▶ [Given data]:

..........

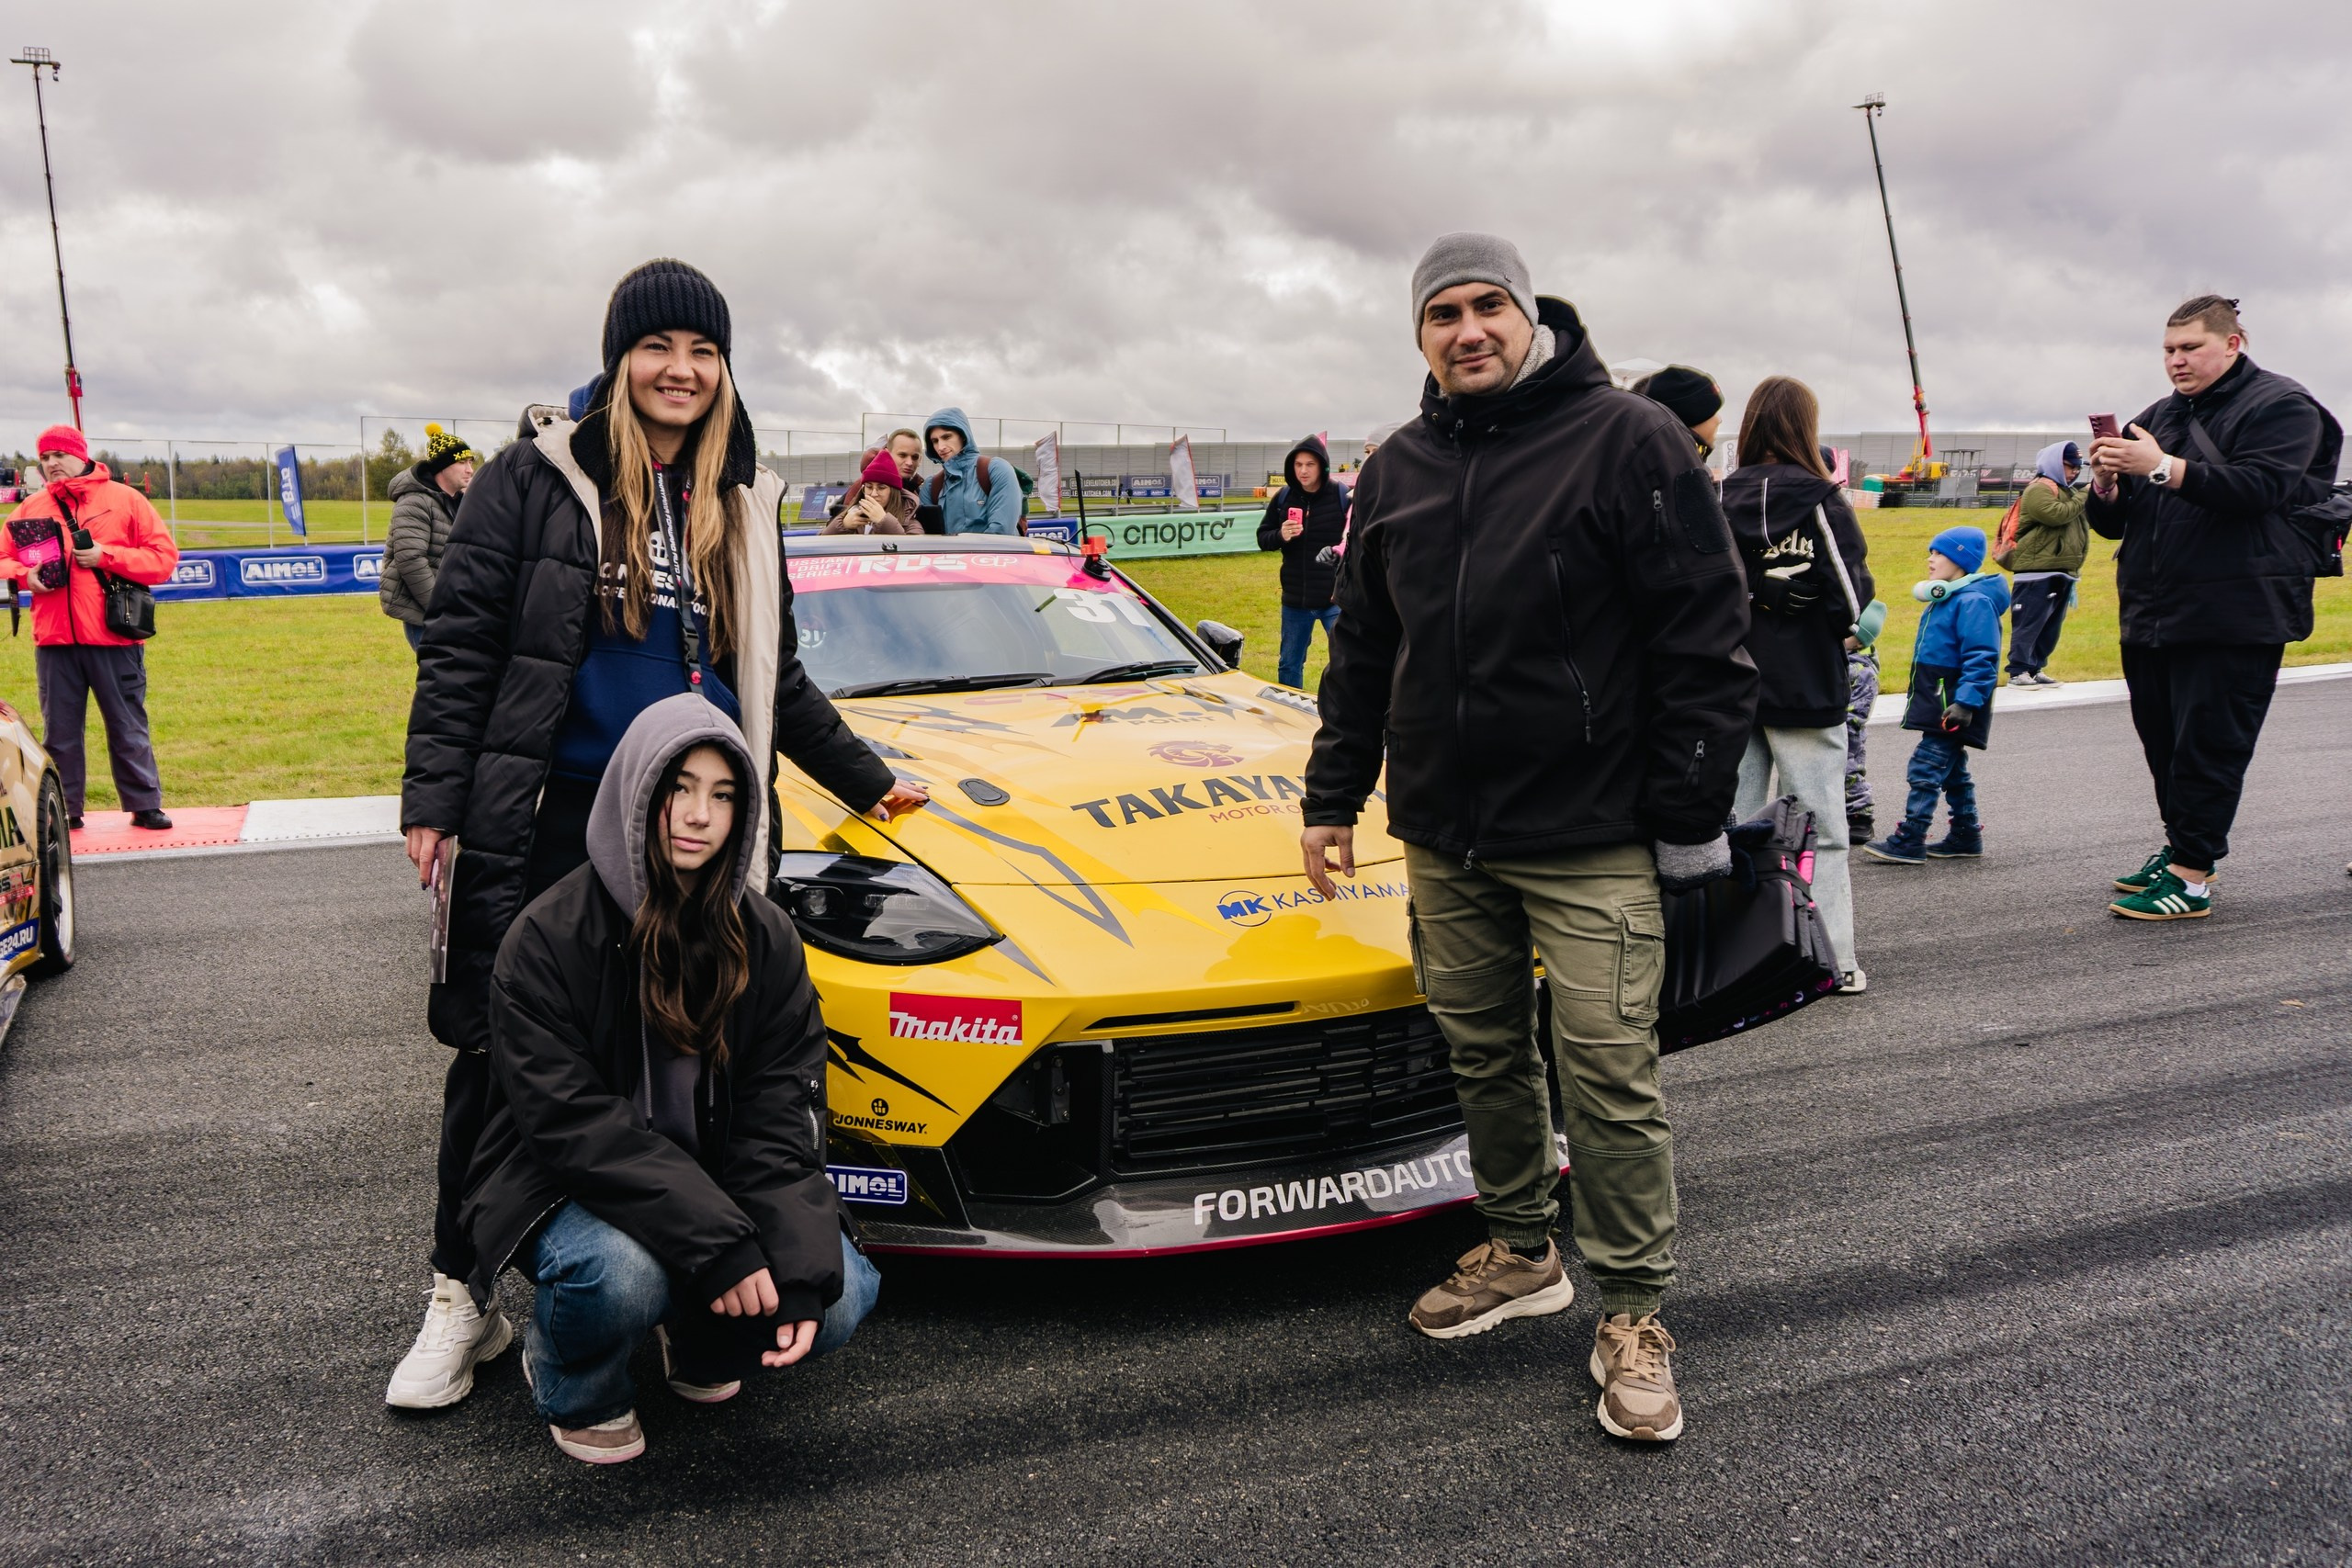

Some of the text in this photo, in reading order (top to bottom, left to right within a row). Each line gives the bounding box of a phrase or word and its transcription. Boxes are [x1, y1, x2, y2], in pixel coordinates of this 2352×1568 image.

..........

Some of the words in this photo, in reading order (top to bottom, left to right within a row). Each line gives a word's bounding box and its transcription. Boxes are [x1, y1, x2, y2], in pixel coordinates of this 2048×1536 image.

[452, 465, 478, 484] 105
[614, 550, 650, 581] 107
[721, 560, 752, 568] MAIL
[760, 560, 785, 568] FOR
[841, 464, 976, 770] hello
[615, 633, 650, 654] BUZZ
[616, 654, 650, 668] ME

..........

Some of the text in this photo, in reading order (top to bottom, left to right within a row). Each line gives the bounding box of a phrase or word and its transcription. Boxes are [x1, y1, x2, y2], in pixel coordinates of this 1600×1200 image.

..........

▶ [Assignment]: Could you state how many lines above include the word "text"? Reply with that number alone.

▶ [Response to this task]: 2